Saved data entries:
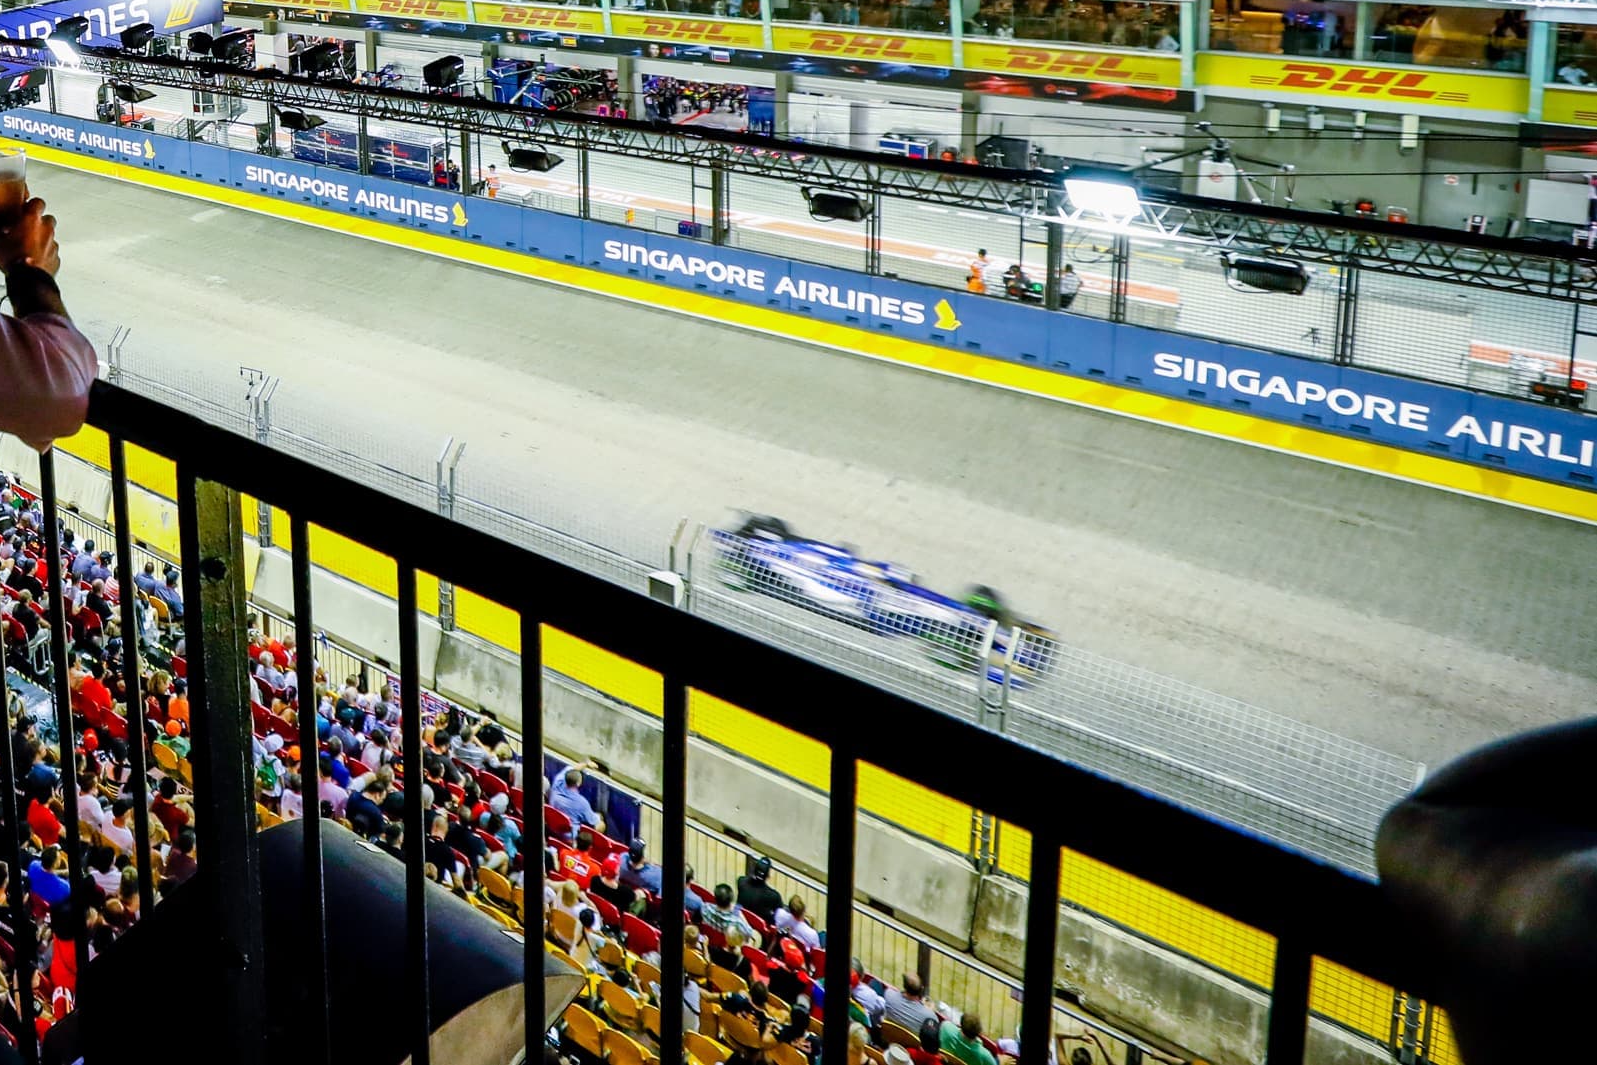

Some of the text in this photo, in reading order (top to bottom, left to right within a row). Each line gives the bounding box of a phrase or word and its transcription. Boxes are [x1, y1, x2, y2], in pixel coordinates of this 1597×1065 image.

[500, 7, 578, 30] DHL
[642, 19, 732, 42] DHL
[808, 32, 915, 59] DHL
[1006, 48, 1132, 78] DHL
[1279, 64, 1436, 99] DHL
[4, 115, 142, 157] SINGAPORE AIRLINES
[245, 165, 449, 224] SINGAPORE AIRLINES
[604, 240, 925, 325] SINGAPORE AIRLINES
[1153, 352, 1595, 467] SINGAPORE AIRLI
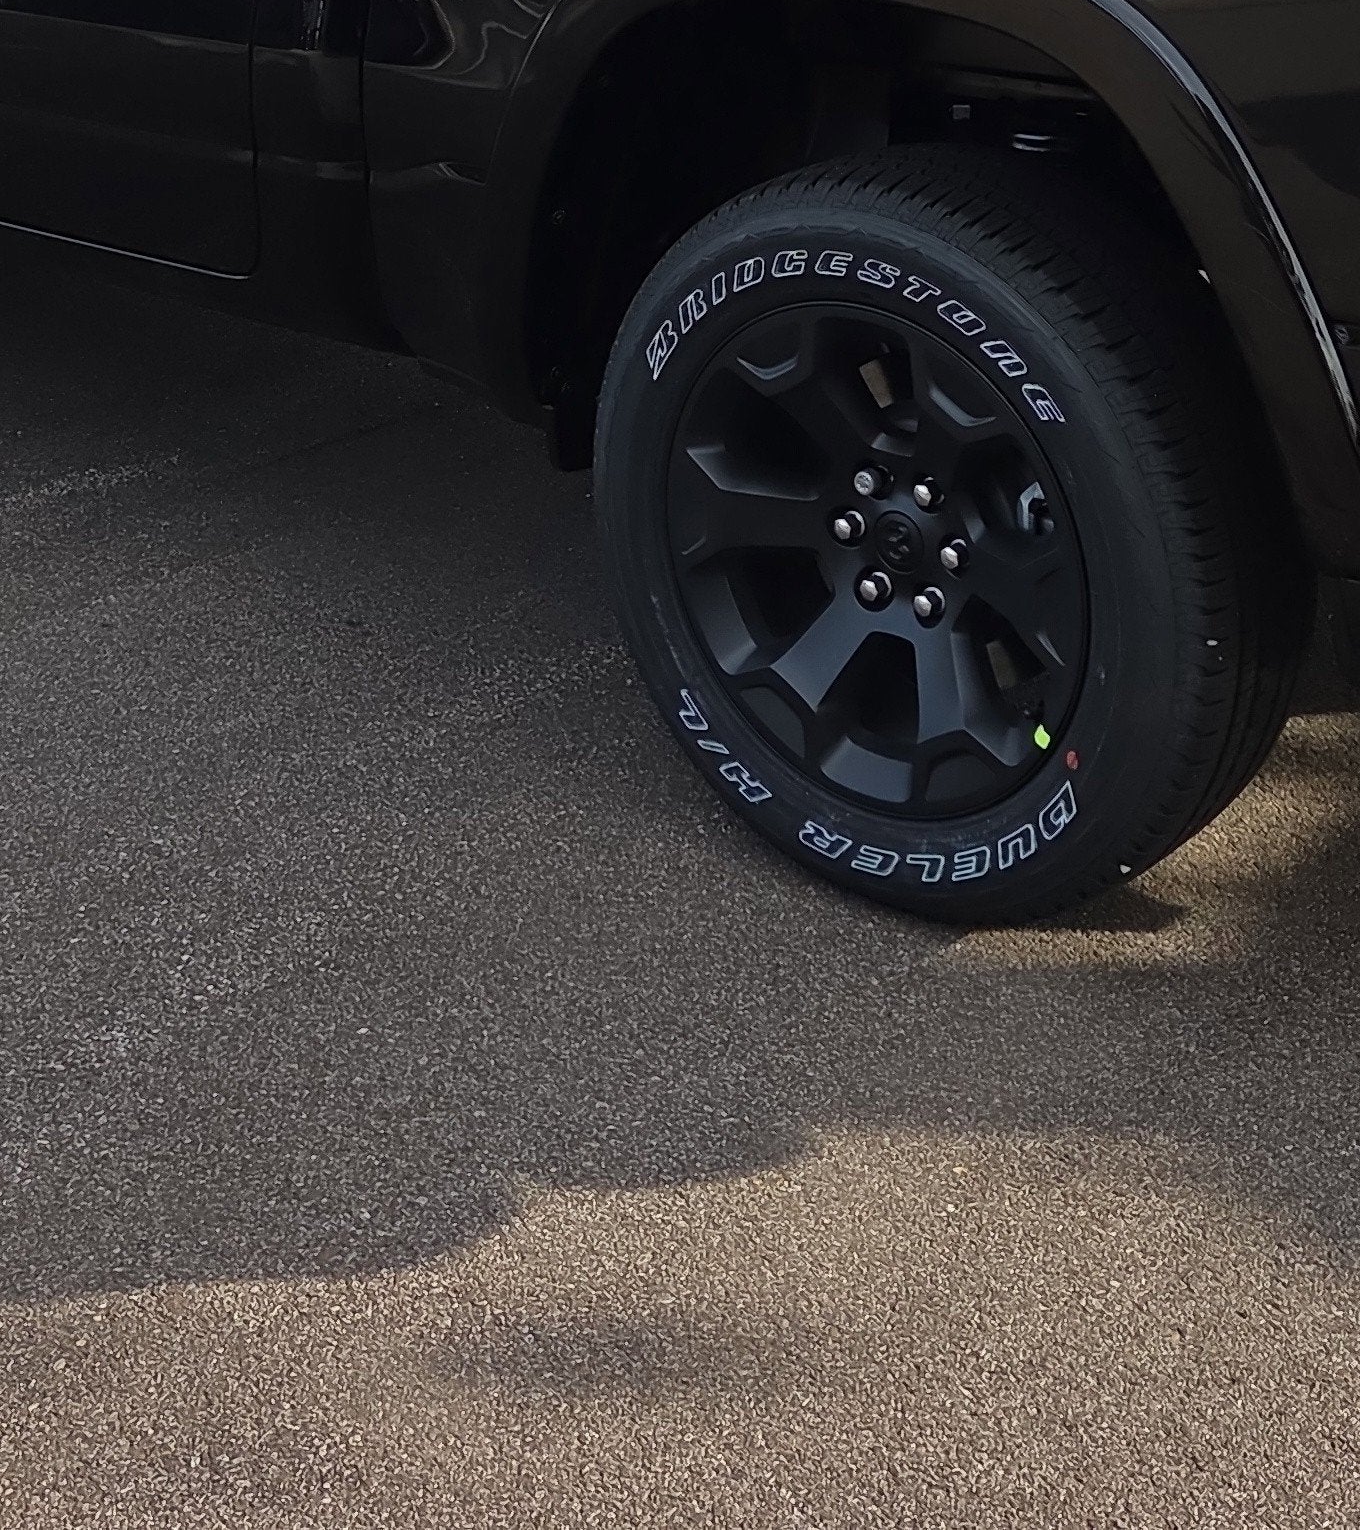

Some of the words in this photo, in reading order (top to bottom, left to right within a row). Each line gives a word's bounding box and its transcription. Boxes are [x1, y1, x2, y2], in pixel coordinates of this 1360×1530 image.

What you will do: The response should consist of the entries above, given again exactly and free of pictures.

Task response:
Some of the text in this photo, in reading order (top to bottom, left to right within a row). Each line gives the bounding box of a phrase or word and its transcription. Boxes are [x1, y1, x2, y2], in pixel coordinates of this 1597×1065 image.

[500, 7, 578, 30] DHL
[642, 19, 732, 42] DHL
[808, 32, 915, 59] DHL
[1006, 48, 1132, 78] DHL
[1279, 64, 1436, 99] DHL
[4, 115, 142, 157] SINGAPORE AIRLINES
[245, 165, 449, 224] SINGAPORE AIRLINES
[604, 240, 925, 325] SINGAPORE AIRLINES
[1153, 352, 1595, 467] SINGAPORE AIRLI

Some of the words in this photo, in reading order (top to bottom, left to right within a row). Each line gives a word's bounding box and its transcription. Boxes are [x1, y1, x2, y2], in pixel coordinates of this 1360×1530 image.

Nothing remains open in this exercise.